--- WORK INSTRUCTION ---
Copy every entry exactly as given, minus the images.

--- Stored data entries ---
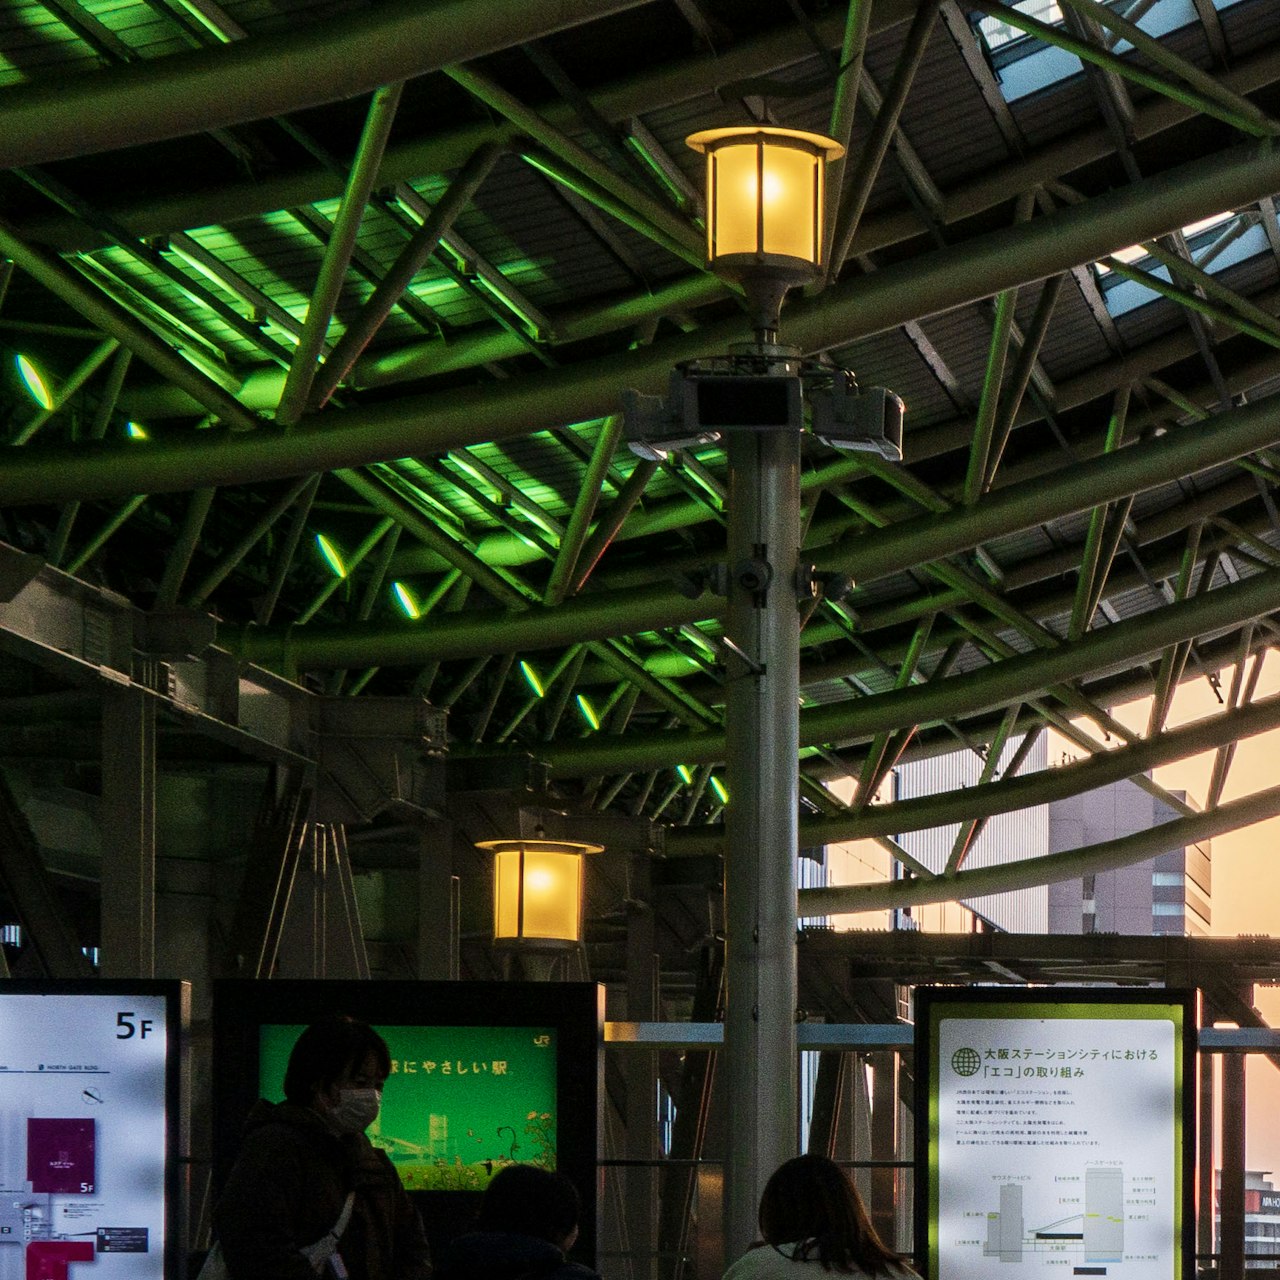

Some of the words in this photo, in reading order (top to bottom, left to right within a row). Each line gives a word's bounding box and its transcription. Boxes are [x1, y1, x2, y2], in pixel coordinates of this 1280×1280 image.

[116, 1012, 153, 1040] 5F
[534, 1034, 550, 1046] JR
[984, 1048, 1158, 1061] 大阪ステーションシティにおける
[983, 1065, 1085, 1079] 「エコ」の取り組み
[80, 1182, 94, 1193] 5F

--- ANSWER SECTION ---
Some of the words in this photo, in reading order (top to bottom, left to right within a row). Each line gives a word's bounding box and its transcription. Boxes are [x1, y1, x2, y2], in pixel coordinates of this 1280×1280 image.

[116, 1012, 153, 1040] 5F
[534, 1034, 550, 1046] JR
[984, 1048, 1158, 1061] 大阪ステーションシティにおける
[983, 1065, 1085, 1079] 「エコ」の取り組み
[80, 1182, 94, 1193] 5F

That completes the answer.